By Dennis Crouch
A substantial number of patent lawsuits are declaratory judgment actions that involve a user asking a federal court to rule that it is not liable for patent infringement (either because the user does not infringe or because the patent is invalid/unenforceable). A preliminary issue in these cases is always a determination of whether a sufficient legal dispute exists (a case or controversy) between the parties. Under the U.S. Constitution (as interpreted), a federal court cannot pass judgment on cases that do not meet this threshold. When multiple plaintiffs are present (as in the Myriad case), the court must find at least one plaintiff-defendant relationship that meets this threshold or else the case must be dismissed for lack of standing.
In Myriad, the Federal Circuit ruled that the research of at least one individual (Dr. Ostrer) was hampered by Myriad's patent enforcement activities. Although the court found a controversy in this case, the language that it used to permit the case to continue is quite narrow.
Public Interest Patent Litigation: An important element of the Myriad case is that it has been driven largely by public interest groups operating with an agenda of denuding patents that they see as harmful to public health and fundamental liberties. These parties include the ACLU, PubPat, and the first-named plaintiff, the Association for Molecular Pathology (AMP). Those advocacy groups have no intention of using the patent themselves, but challenging the patent fits within their agenda of protecting the public. In its opinion here, the court holds that those organizations do not have standing in the case.

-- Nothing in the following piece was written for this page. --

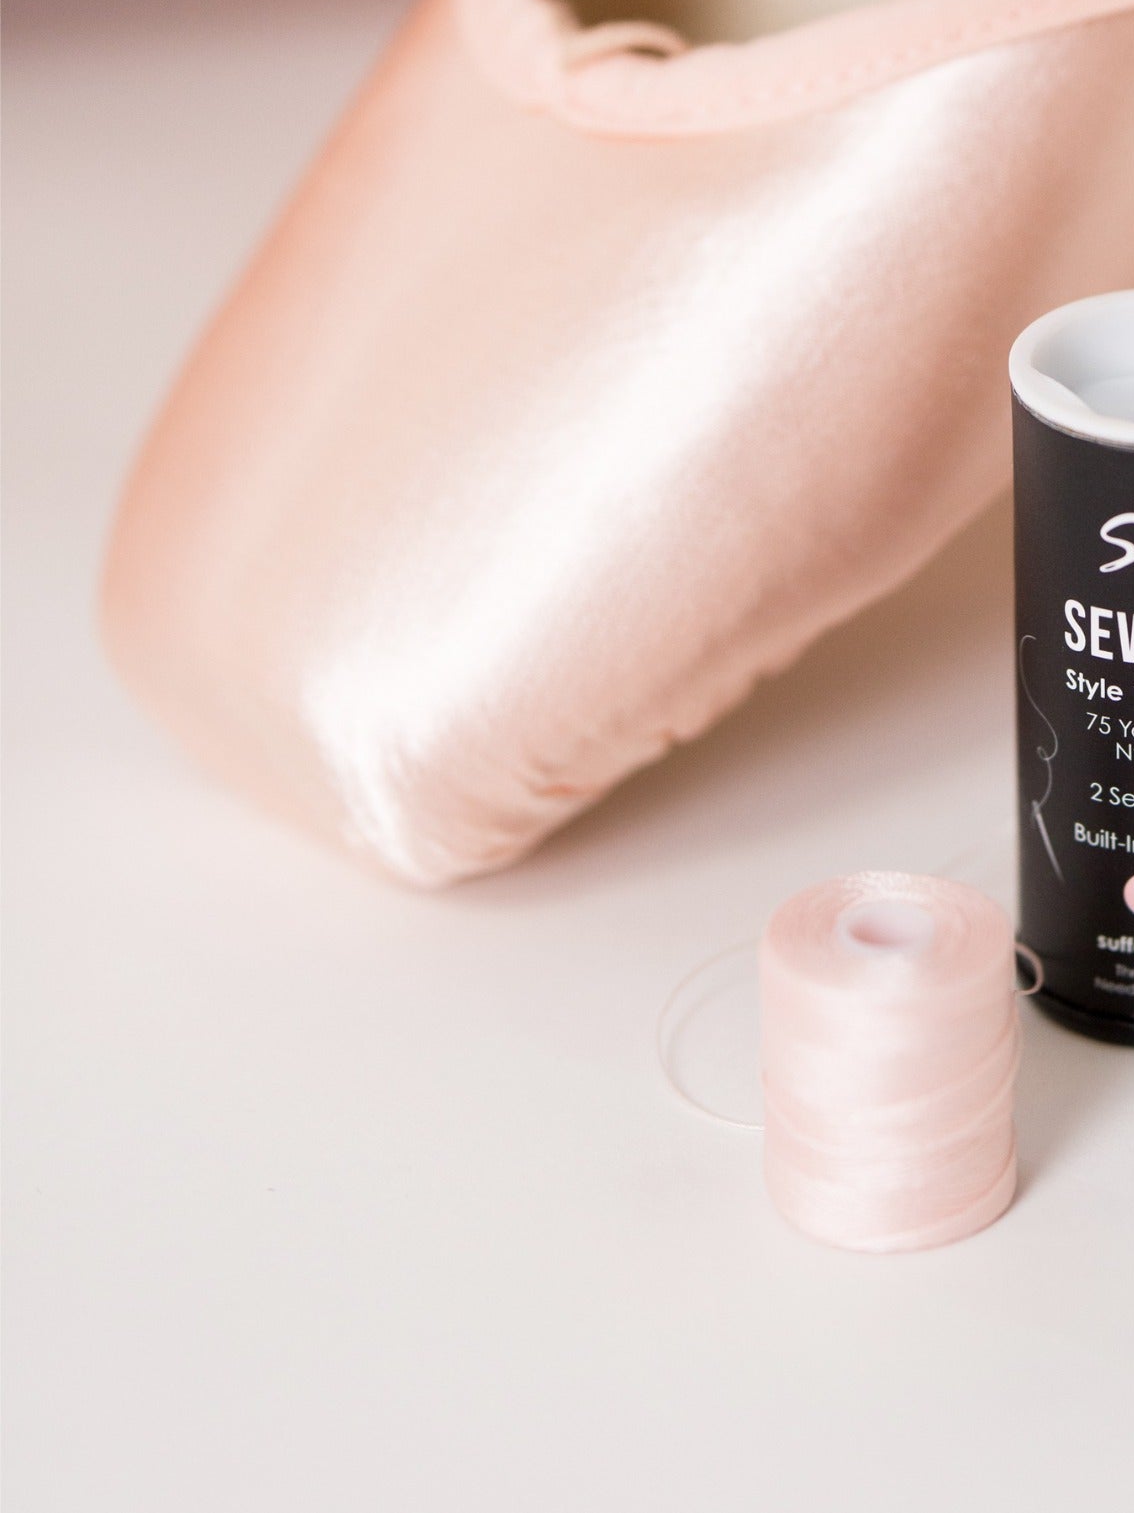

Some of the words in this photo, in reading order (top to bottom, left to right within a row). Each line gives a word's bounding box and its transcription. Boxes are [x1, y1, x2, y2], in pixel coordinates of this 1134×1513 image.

[1066, 668, 1123, 701] Style
[1086, 712, 1111, 735] 75
[1090, 783, 1103, 802] 2

We … reverse the district court's holding that the various plaintiffs other than Dr. Ostrer have standing to maintain this declaratory judgment action. Simply disagreeing with the existence of a patent on isolated DNA sequences or even suffering an attenuated, non-proximate, effect from the existence of a patent does not meet the Supreme Court's requirement for an adverse legal controversy of sufficient immediacy and reality to warrant the issuance of a declaratory judgment. The various organizational plaintiffs in this suit in particular were not the target of any enforcement action or offered license agreements by Myriad and had made no preparation to undertake potentially infringing activities. They accordingly suffered no injury and thus lack standing to bring this action.
This result obviously makes it more difficult for public interest organizations to take this type of action in the future. However, the court provides a roadmap – simply identify an individual with an actual controversy as the named plaintiff.
Patient / Health Insurance Plaintiffs: Another set of plaintiffs in this case are patients who would like to run the DNA test using an alternative laboratory – either because they want a second opinion or because they want a cheaper test. The court also wrote that those patients likely lack standing to bring a declaratory judgment action in the absence of some affirmative act by the patentee against those defendants.
Certain patients also allege an injury based on their inability to gain access to affordable BRCA genetic testing because of Myriad's patent dominance of such services. While denial of health services can, in certain circumstances, state a judicially cognizable injury, Plaintiffs have not pressed this as an independent ground for standing. Moreover, we fail to see how the inability to afford a patented invention could establish an invasion of a legally protected interest for purposes of standing.
This quote from the court conforms well to the Supreme Court's recent copyright decision Golan v. Holder (2012). In that case, the court wrote that individuals do not have enforceable rights to use the "public domain."
In a sense, it appears that the court here strained to claim jurisdiction over the case, but was careful to attempt to avoid expanding the scope of declaratory judgment jurisdiction in the process.